**REQUIREMENT**
The line containing "this 1920×1440 image." marks where to begin; quote it and every line after it through the end of the data, exactly as written.

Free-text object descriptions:
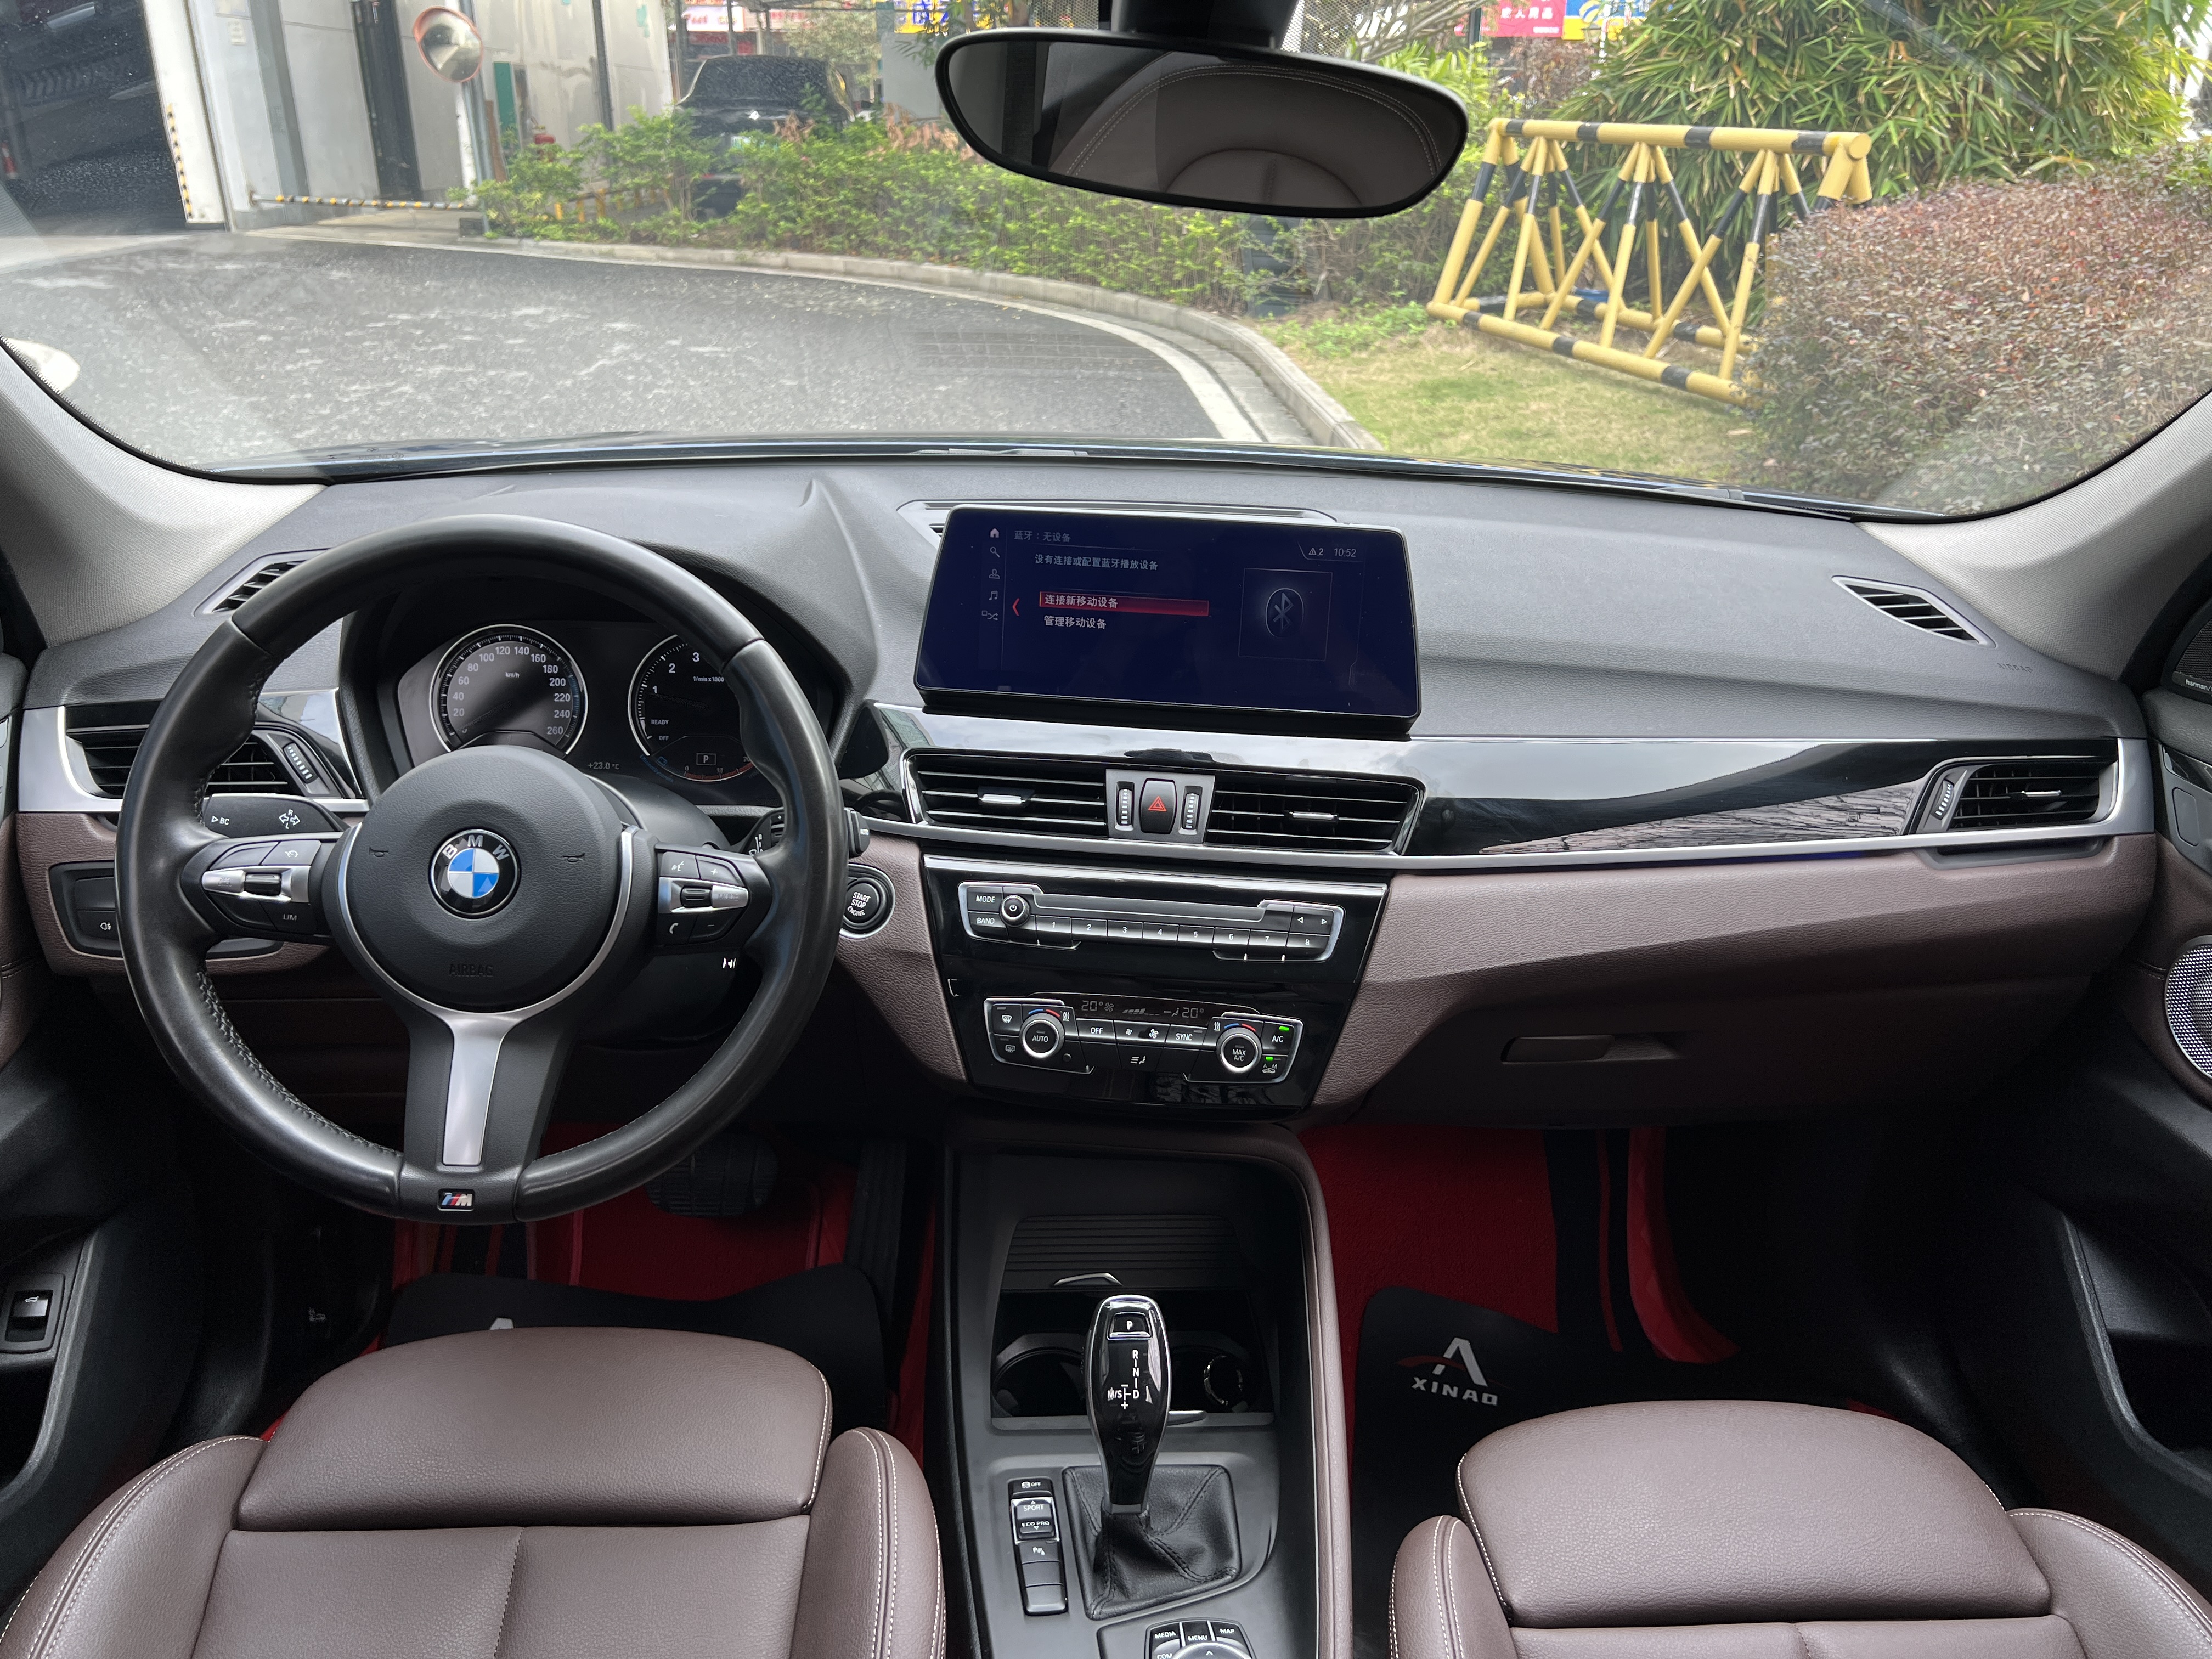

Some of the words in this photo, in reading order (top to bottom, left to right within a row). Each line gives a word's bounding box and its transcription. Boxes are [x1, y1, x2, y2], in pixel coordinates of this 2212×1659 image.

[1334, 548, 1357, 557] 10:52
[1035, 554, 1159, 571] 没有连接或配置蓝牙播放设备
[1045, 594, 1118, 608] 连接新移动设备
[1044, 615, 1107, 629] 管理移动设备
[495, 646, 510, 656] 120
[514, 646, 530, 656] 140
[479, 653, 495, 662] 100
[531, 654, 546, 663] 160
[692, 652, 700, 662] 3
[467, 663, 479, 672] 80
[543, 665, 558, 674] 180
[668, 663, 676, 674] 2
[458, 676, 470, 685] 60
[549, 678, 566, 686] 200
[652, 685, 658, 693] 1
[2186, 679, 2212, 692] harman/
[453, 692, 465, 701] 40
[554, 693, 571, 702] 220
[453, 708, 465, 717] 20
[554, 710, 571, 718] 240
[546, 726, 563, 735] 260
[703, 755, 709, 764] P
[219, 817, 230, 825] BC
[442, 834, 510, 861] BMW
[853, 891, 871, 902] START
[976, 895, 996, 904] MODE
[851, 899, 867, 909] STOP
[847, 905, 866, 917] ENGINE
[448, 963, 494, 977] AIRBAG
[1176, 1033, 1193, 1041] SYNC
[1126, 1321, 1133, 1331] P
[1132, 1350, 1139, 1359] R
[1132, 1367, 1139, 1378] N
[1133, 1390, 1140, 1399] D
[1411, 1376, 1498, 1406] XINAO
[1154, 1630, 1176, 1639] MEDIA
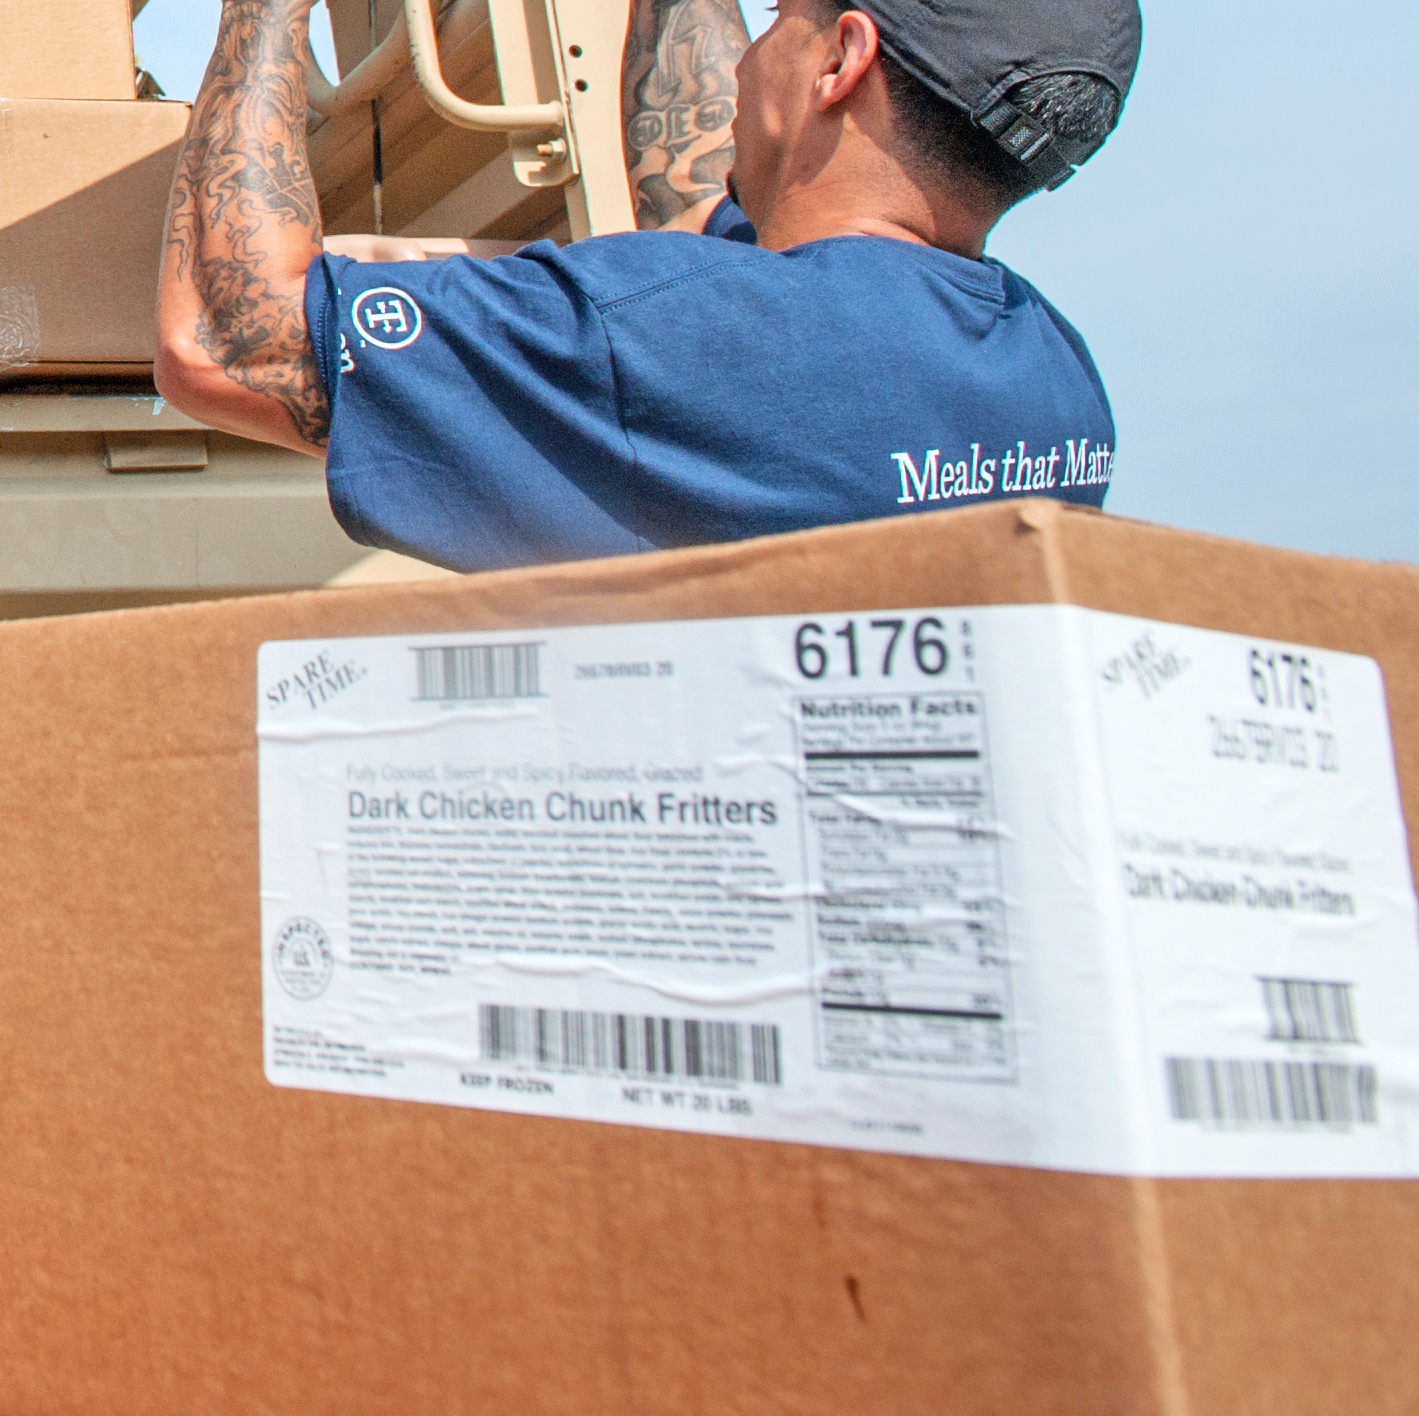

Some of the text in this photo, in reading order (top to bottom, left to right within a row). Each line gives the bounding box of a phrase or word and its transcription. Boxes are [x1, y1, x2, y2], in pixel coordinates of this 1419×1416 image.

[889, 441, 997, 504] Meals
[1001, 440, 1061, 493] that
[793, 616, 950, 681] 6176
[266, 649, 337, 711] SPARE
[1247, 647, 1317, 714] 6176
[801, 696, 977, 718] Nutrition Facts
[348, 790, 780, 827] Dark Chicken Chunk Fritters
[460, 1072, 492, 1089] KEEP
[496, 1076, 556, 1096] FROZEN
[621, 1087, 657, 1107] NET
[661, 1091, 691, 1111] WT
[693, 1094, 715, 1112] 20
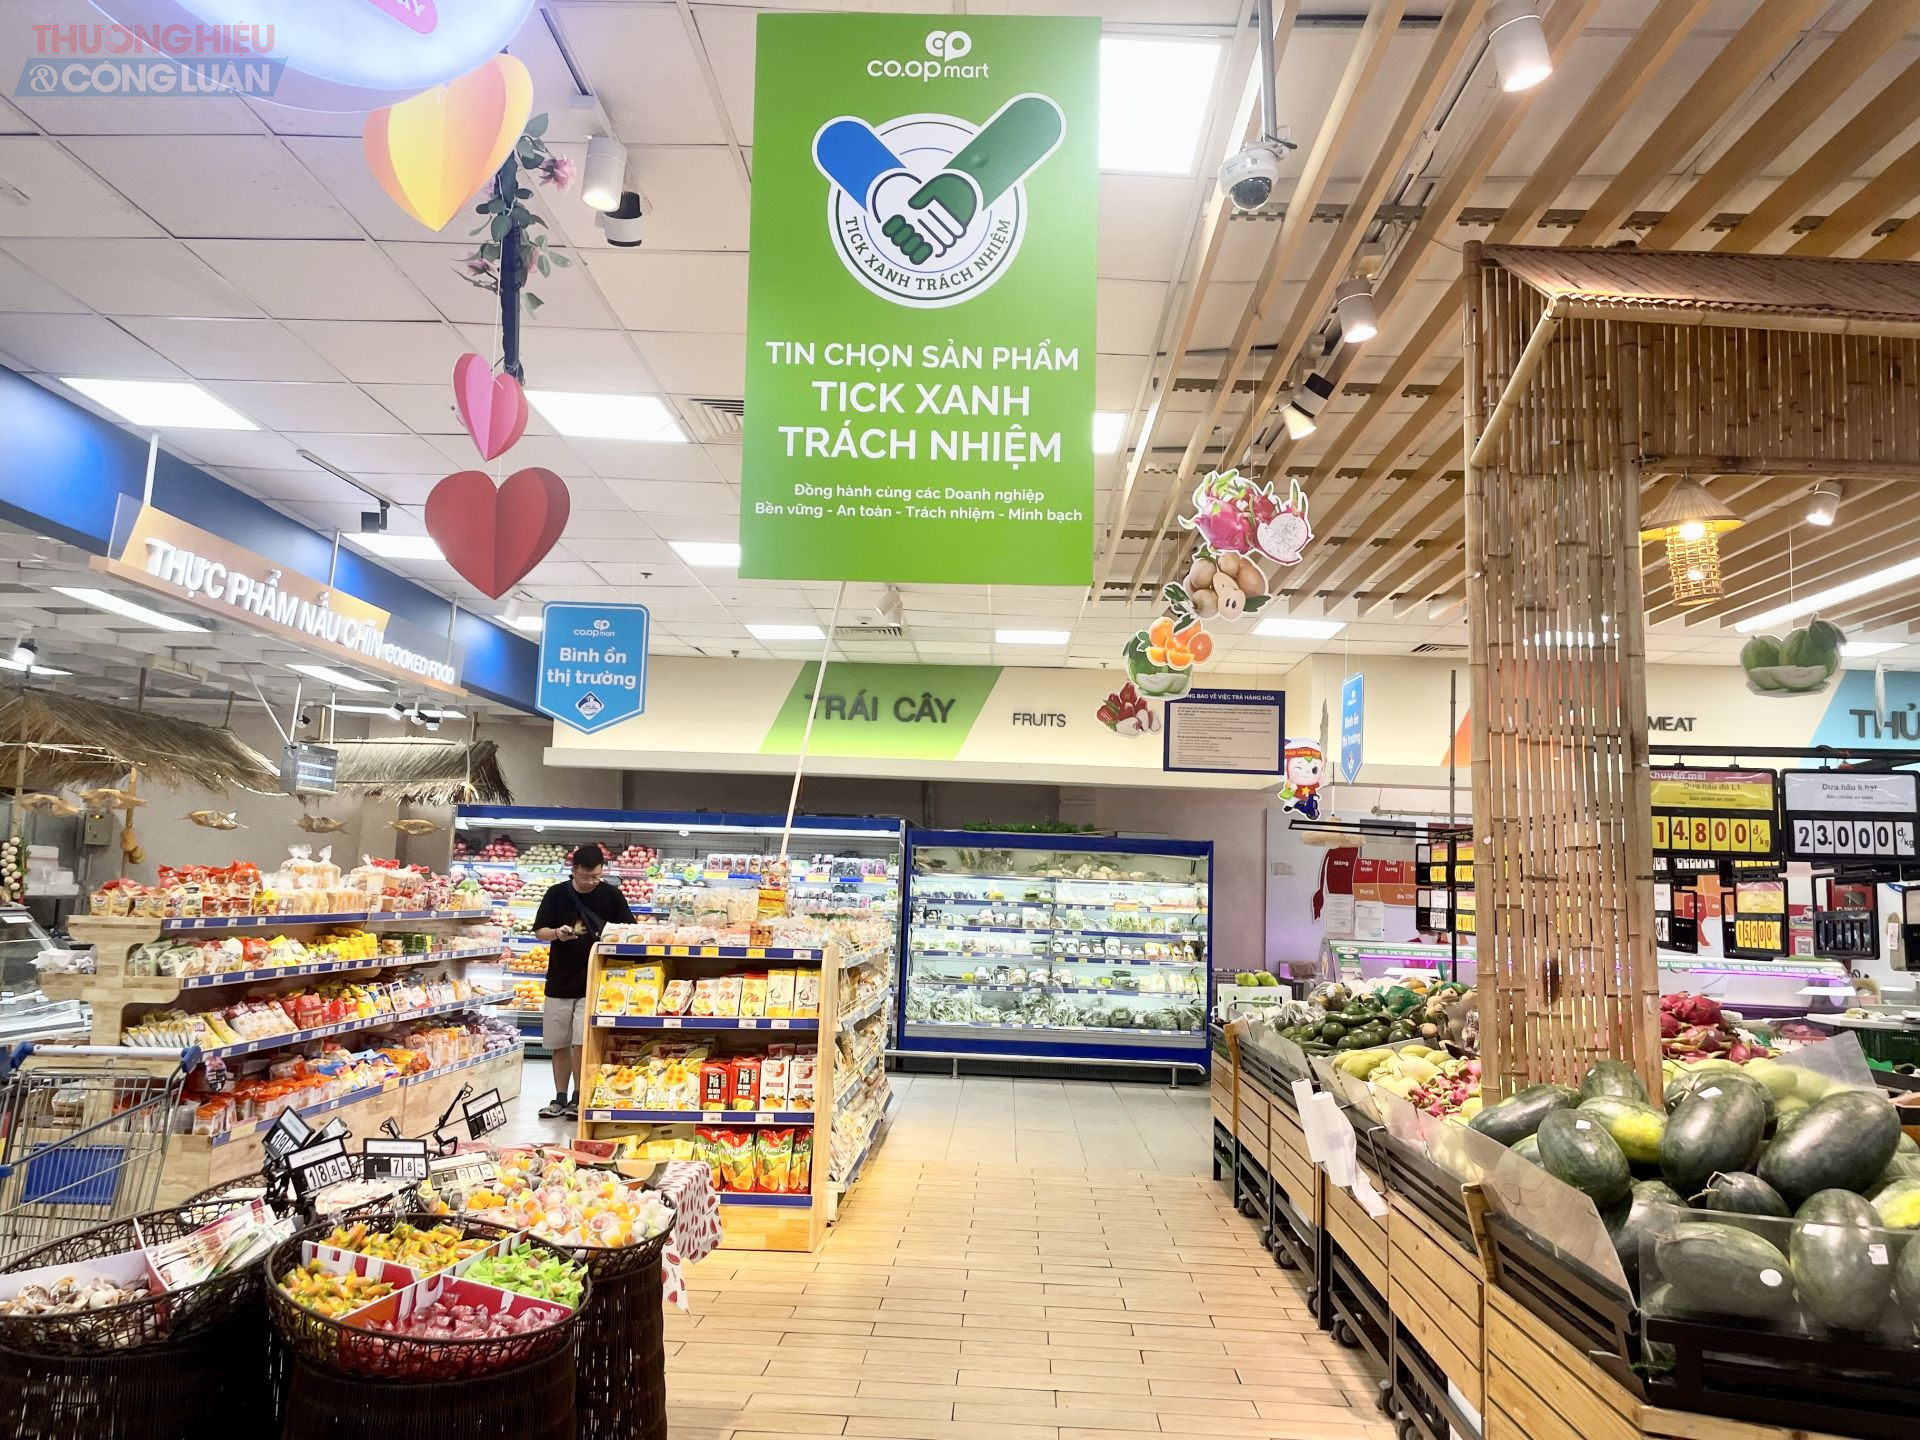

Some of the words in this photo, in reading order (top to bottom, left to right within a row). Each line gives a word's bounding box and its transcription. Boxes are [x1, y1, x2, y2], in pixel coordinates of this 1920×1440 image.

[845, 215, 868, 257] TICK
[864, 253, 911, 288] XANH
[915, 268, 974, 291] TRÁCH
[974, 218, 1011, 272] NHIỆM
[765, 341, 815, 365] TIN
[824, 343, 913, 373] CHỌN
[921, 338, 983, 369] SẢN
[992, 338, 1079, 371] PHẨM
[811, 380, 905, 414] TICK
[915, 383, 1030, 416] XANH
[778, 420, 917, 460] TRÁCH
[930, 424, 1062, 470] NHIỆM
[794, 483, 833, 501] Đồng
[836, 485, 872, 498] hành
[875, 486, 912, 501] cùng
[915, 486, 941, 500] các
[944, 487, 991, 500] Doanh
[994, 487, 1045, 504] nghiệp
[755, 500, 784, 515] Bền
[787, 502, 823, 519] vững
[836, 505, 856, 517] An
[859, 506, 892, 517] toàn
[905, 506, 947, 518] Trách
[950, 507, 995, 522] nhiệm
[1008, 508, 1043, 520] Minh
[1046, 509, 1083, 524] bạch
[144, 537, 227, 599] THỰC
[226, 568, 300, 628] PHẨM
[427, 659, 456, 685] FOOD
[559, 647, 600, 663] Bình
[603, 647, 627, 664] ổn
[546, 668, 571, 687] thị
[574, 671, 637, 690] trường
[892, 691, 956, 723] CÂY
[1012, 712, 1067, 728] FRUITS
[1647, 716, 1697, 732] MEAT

**COMPLETED EXERCISE**
Some of the words in this photo, in reading order (top to bottom, left to right within a row). Each line gives a word's bounding box and its transcription. Boxes are [x1, y1, x2, y2], in pixel coordinates of this 1920×1440 image.

[845, 215, 868, 257] TICK
[864, 253, 911, 288] XANH
[915, 268, 974, 291] TRÁCH
[974, 218, 1011, 272] NHIỆM
[765, 341, 815, 365] TIN
[824, 343, 913, 373] CHỌN
[921, 338, 983, 369] SẢN
[992, 338, 1079, 371] PHẨM
[811, 380, 905, 414] TICK
[915, 383, 1030, 416] XANH
[778, 420, 917, 460] TRÁCH
[930, 424, 1062, 470] NHIỆM
[794, 483, 833, 501] Đồng
[836, 485, 872, 498] hành
[875, 486, 912, 501] cùng
[915, 486, 941, 500] các
[944, 487, 991, 500] Doanh
[994, 487, 1045, 504] nghiệp
[755, 500, 784, 515] Bền
[787, 502, 823, 519] vững
[836, 505, 856, 517] An
[859, 506, 892, 517] toàn
[905, 506, 947, 518] Trách
[950, 507, 995, 522] nhiệm
[1008, 508, 1043, 520] Minh
[1046, 509, 1083, 524] bạch
[144, 537, 227, 599] THỰC
[226, 568, 300, 628] PHẨM
[427, 659, 456, 685] FOOD
[559, 647, 600, 663] Bình
[603, 647, 627, 664] ổn
[546, 668, 571, 687] thị
[574, 671, 637, 690] trường
[892, 691, 956, 723] CÂY
[1012, 712, 1067, 728] FRUITS
[1647, 716, 1697, 732] MEAT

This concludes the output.